He was responding to my article on keeping a budget in college. The reader is a high school student concerned about all the costs of college. He wanted to know what I thought he needed to get moving to college as the bare minimum. He was also asking about textbooks which I have my own dirty little secret about… I’ll get to that though.
Here is the short answer:
You don’t need to buy for anything for college.
No… You don’t need the usual list:
- An awesome comfortable chair
- Noise cancelling headphones
- Good speakers
- A new computer
- Clothes that make you massively uncomfortable but look good
- Shoes that cost more than your old car
Yea… I know that sounds odd. The whole world is trying to sell you stuff for college. Back-To-School ads can have you convinced that you’re going to look like a fool if you don’t prepare properly. Those companies will sell you new sheets, new clothes, and just about anything else you can squeeze into your seemingly 10 square foot shared dorm room.
You’re not falling for that. Sure… you might buy a couple things but you have the good sense to know they’re just pulling your leg. No fancy new something or another will make your life complete. (Tyler Durden agrees.)

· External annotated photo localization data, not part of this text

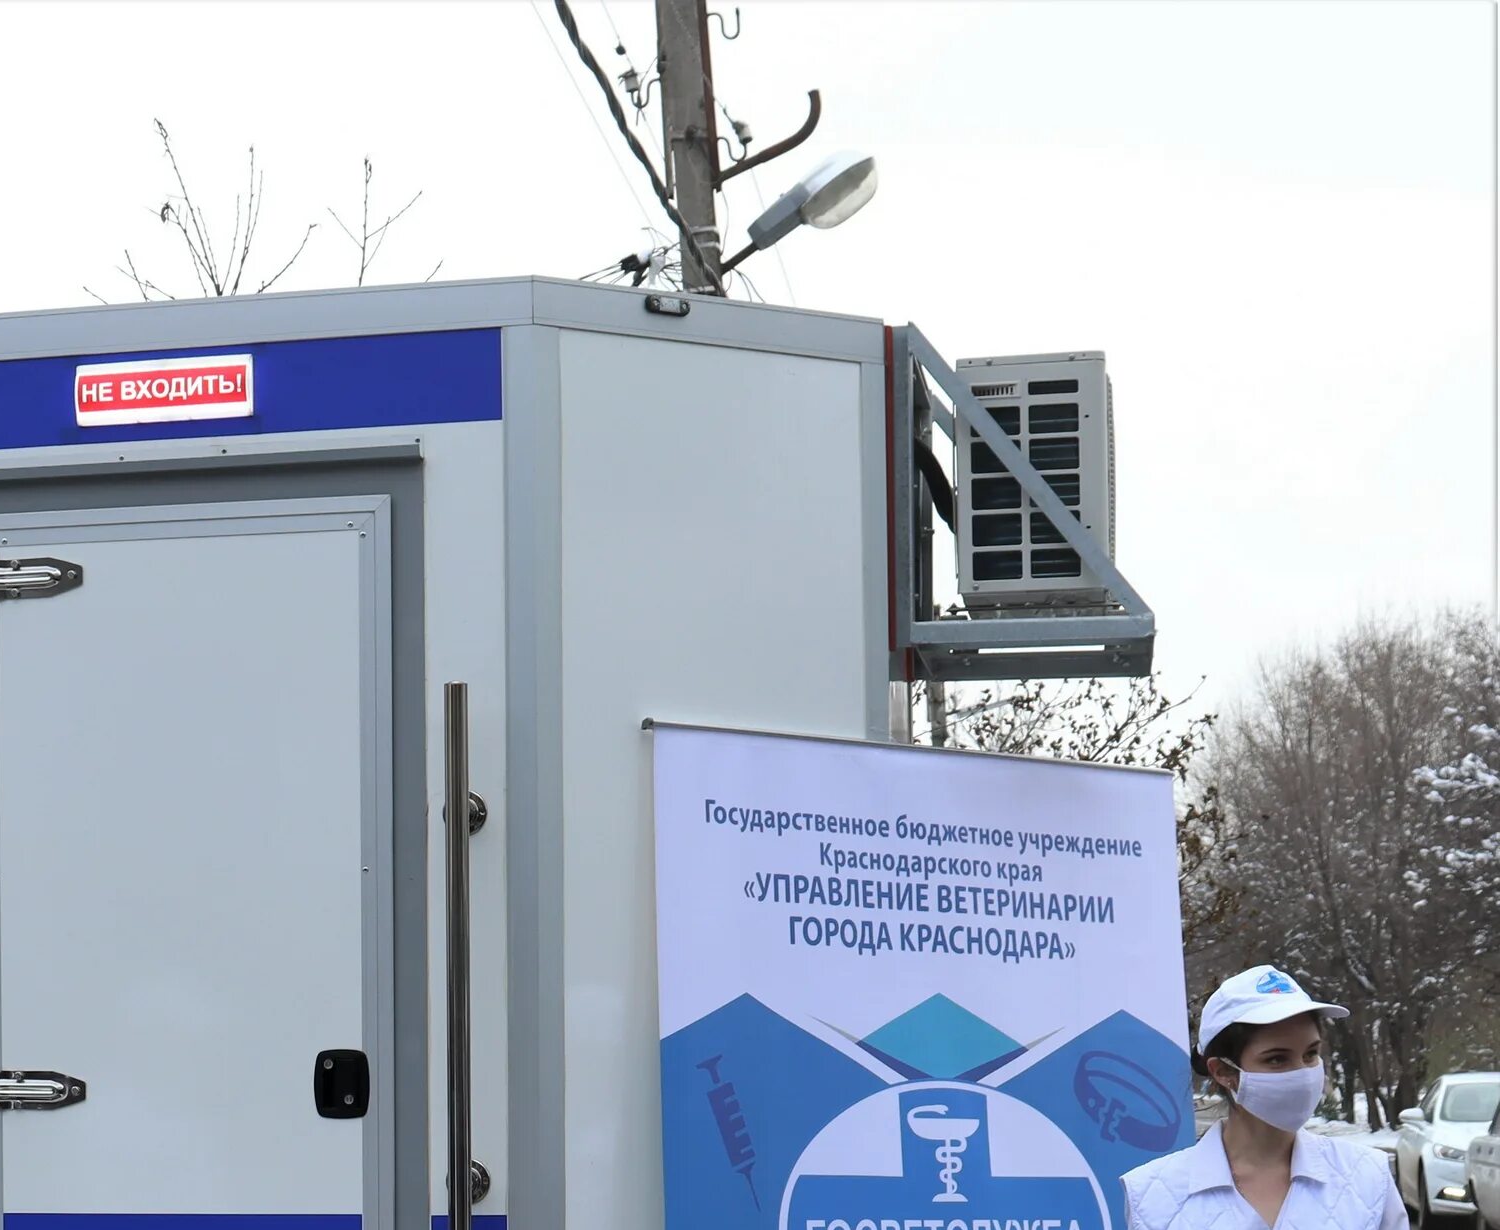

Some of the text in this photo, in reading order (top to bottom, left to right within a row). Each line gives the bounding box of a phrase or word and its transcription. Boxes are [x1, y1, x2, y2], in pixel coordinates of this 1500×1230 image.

[81, 373, 242, 404] НЕ ВХОДИТЬ!
[705, 798, 1142, 859] Государственное бюджетное учреждение
[819, 842, 1043, 884] Краснодарского края
[742, 870, 1115, 924] «УПРАВЛЕНИЕ ВЕТЕРИНАРИИ
[789, 915, 1076, 964] ГОРОДА КРАСНОДАРА»
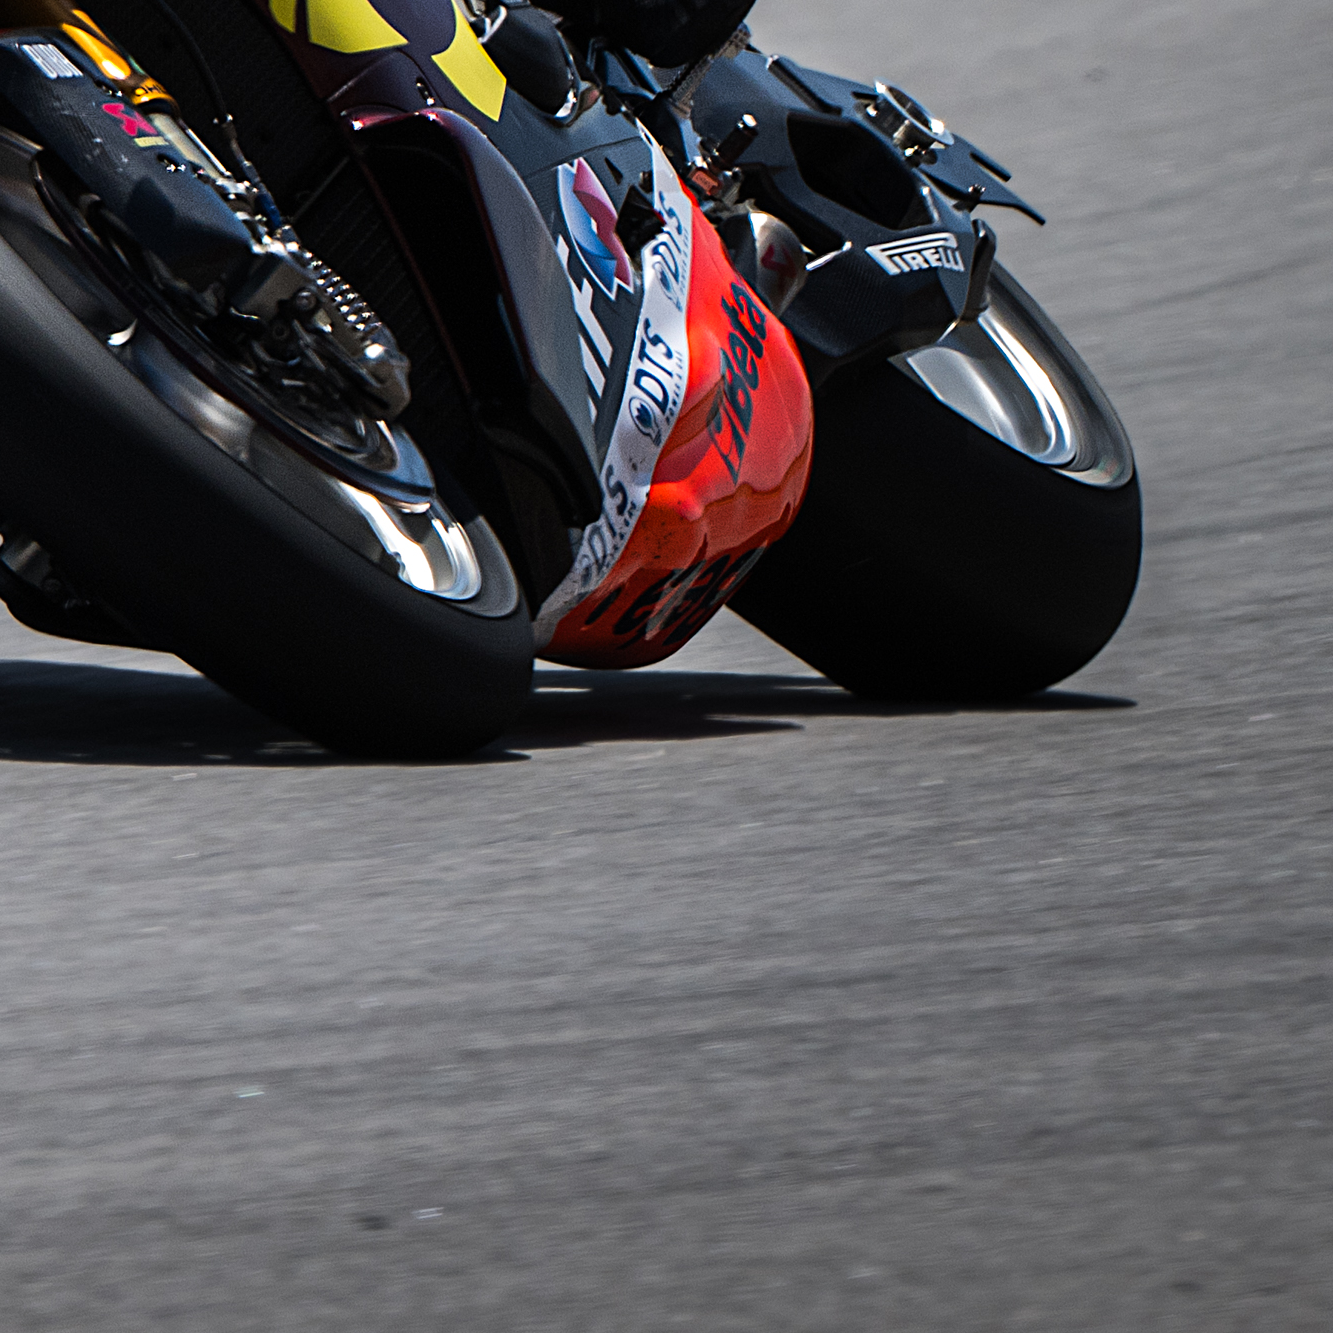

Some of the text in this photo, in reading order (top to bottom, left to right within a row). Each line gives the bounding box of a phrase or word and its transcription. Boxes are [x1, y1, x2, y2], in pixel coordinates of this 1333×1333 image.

[865, 232, 965, 276] PIRELLI
[634, 318, 674, 414] DTS
[720, 281, 767, 437] Beta
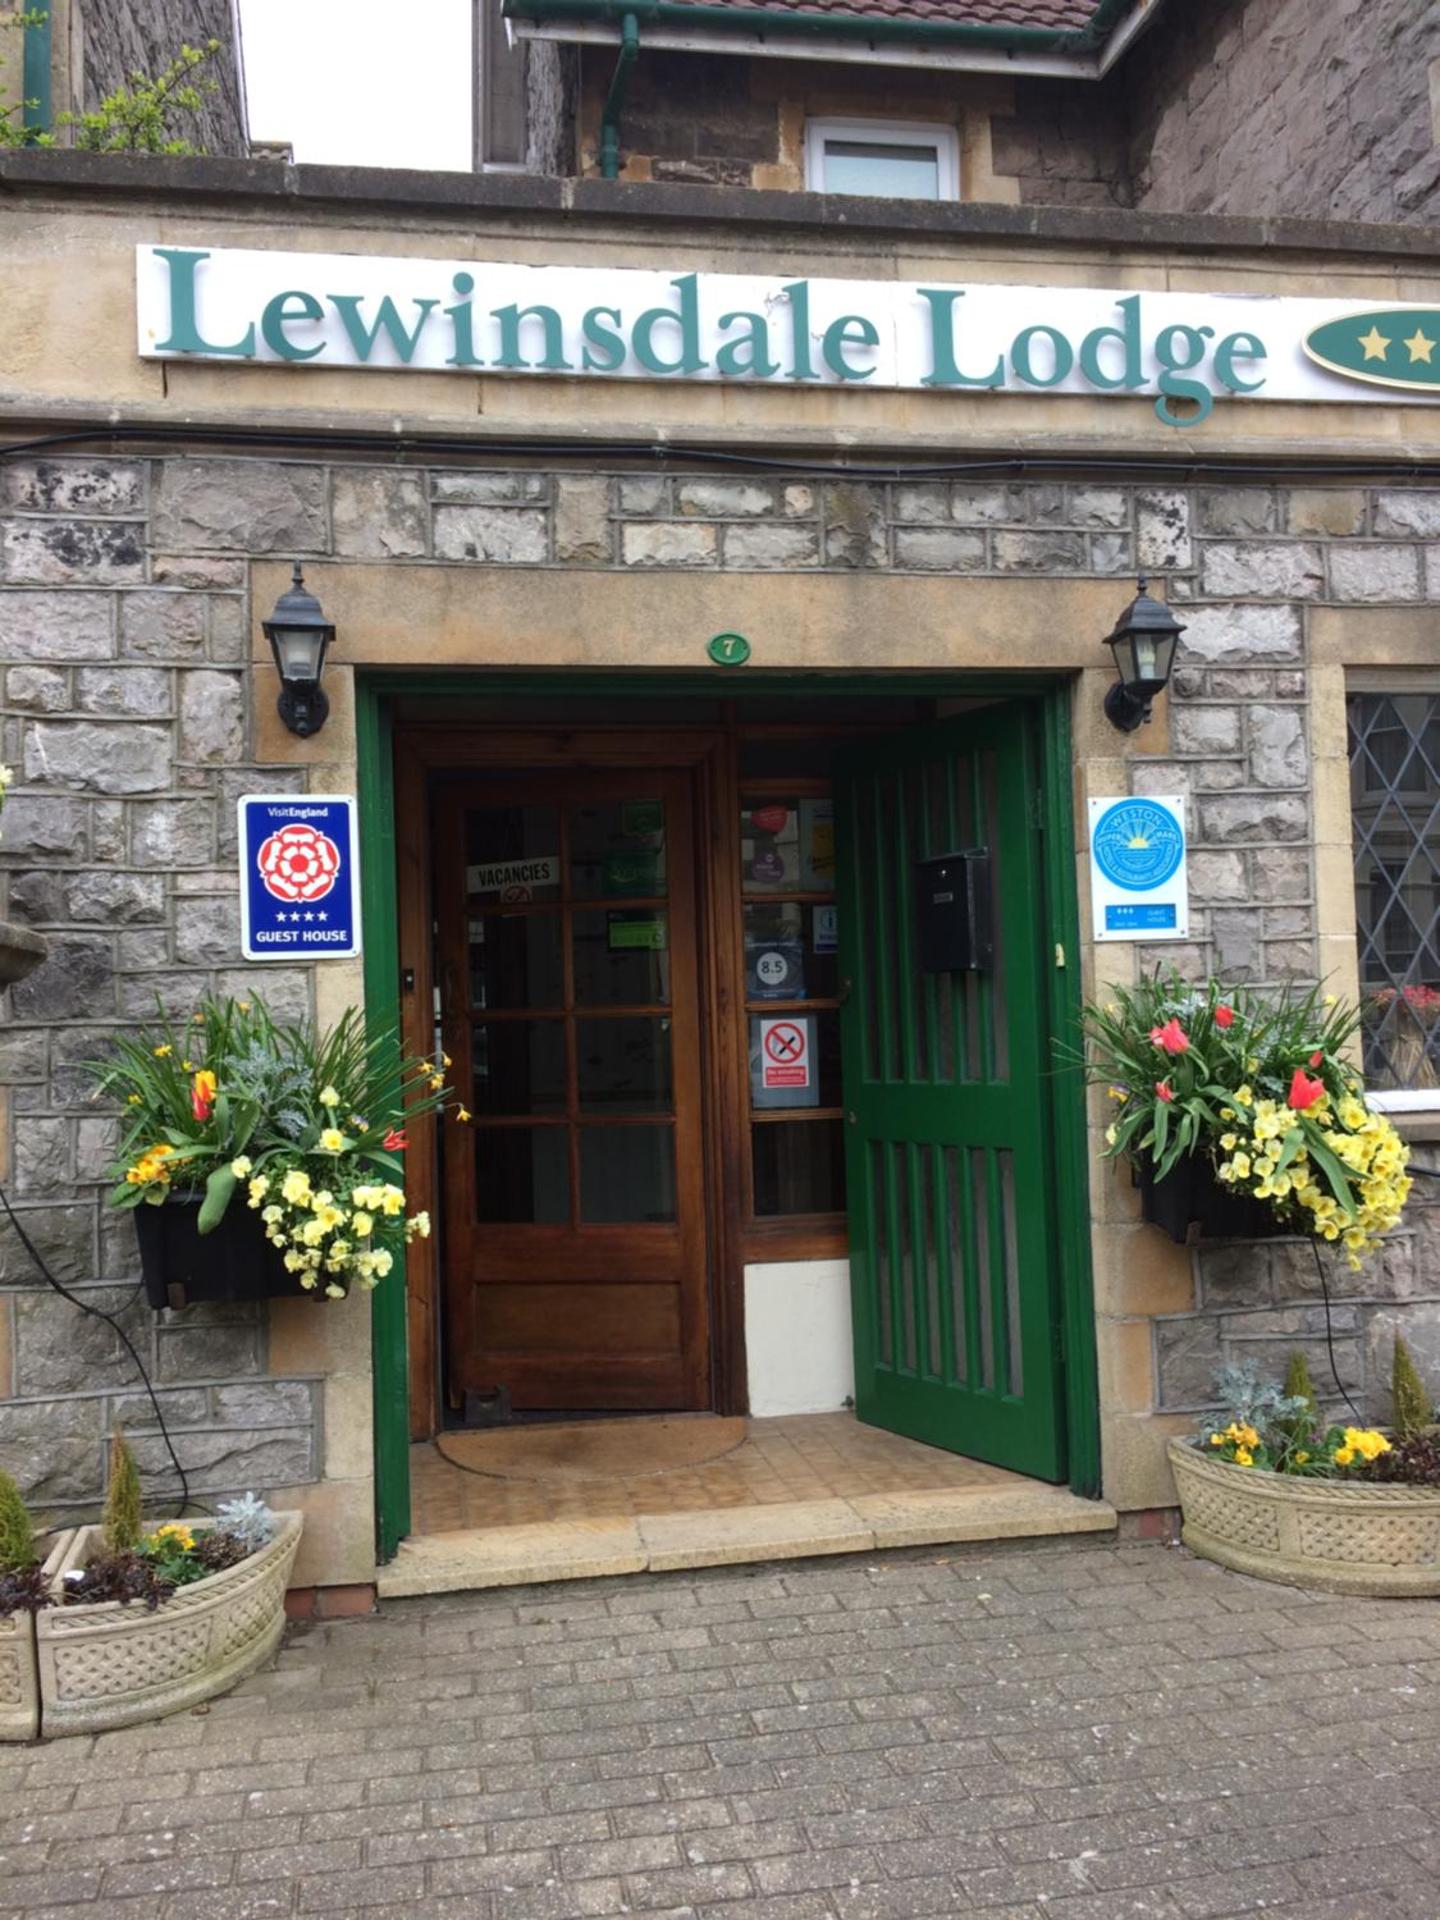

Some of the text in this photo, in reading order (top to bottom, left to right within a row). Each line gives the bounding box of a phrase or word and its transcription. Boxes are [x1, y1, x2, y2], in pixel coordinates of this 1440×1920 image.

[152, 247, 1267, 428] Lewinsdale Lodge
[723, 639, 737, 657] 7
[268, 807, 329, 819] VisitEngland
[1110, 807, 1163, 828] WESTON
[478, 862, 551, 887] VACANCIES
[256, 930, 348, 942] GUEST HOUSE
[761, 960, 783, 974] 8.5
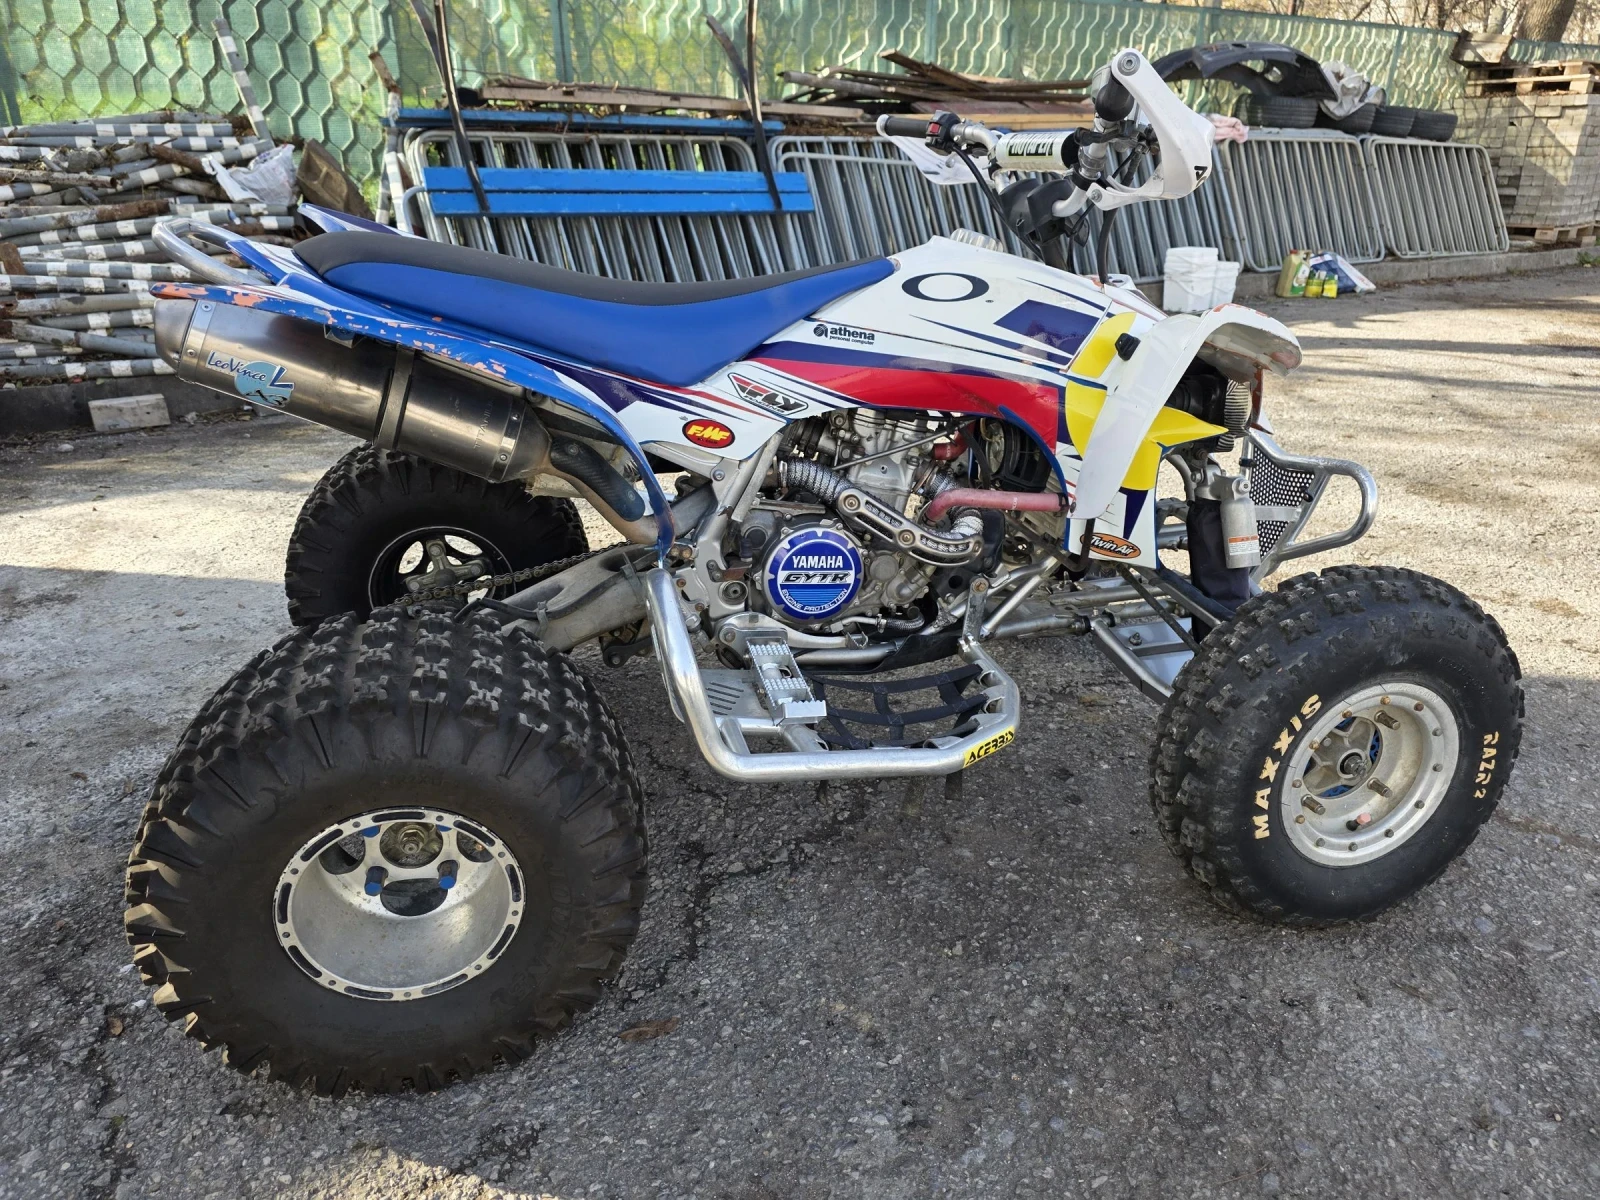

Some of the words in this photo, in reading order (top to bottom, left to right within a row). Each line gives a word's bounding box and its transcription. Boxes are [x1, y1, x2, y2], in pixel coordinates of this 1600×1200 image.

There are a few quirks to this strategy you’ll need to know. I call it…
The Wait And See Approach
Kay is going to tell her story to start this section off:
When I was graduating from high school I went to website after website looking for important stuff I needed for college. I ended up with a list of hundreds of things. I was lucky enough to have my parents buy me just about every one of them. My dorm room was packed.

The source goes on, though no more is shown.